Spatial localization data:

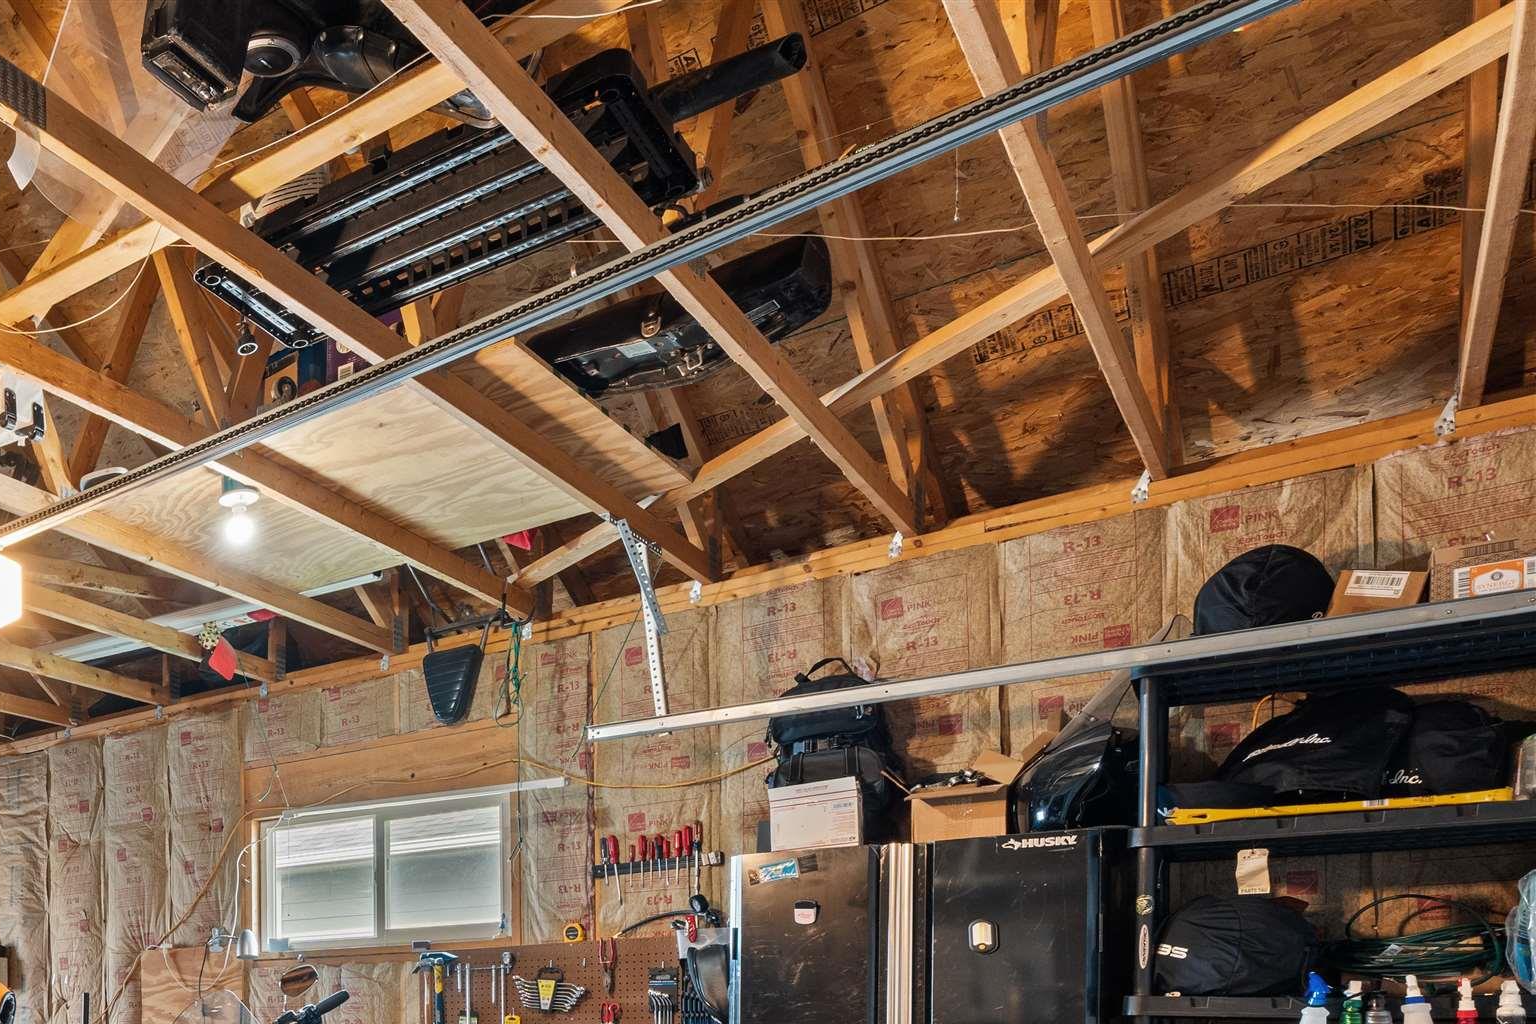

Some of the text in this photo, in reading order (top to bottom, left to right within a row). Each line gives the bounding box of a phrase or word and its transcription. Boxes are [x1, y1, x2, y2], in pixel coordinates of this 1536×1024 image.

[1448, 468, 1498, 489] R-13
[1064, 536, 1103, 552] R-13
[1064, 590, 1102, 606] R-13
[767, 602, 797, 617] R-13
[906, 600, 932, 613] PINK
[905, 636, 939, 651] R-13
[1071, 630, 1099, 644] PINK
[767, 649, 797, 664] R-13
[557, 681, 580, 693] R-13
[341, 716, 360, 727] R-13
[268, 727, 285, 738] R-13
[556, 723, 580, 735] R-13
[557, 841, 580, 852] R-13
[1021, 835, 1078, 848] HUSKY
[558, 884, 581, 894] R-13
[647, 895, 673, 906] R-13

PROBLEM TO SOLVE: With the pictures omitted, the records above are to be repeated exactly.

RESPONSE TO THIS EXERCISE:
Some of the text in this photo, in reading order (top to bottom, left to right within a row). Each line gives the bounding box of a phrase or word and its transcription. Boxes are [x1, y1, x2, y2], in pixel coordinates of this 1536×1024 image.

[1448, 468, 1498, 489] R-13
[1064, 536, 1103, 552] R-13
[1064, 590, 1102, 606] R-13
[767, 602, 797, 617] R-13
[906, 600, 932, 613] PINK
[905, 636, 939, 651] R-13
[1071, 630, 1099, 644] PINK
[767, 649, 797, 664] R-13
[557, 681, 580, 693] R-13
[341, 716, 360, 727] R-13
[268, 727, 285, 738] R-13
[556, 723, 580, 735] R-13
[557, 841, 580, 852] R-13
[1021, 835, 1078, 848] HUSKY
[558, 884, 581, 894] R-13
[647, 895, 673, 906] R-13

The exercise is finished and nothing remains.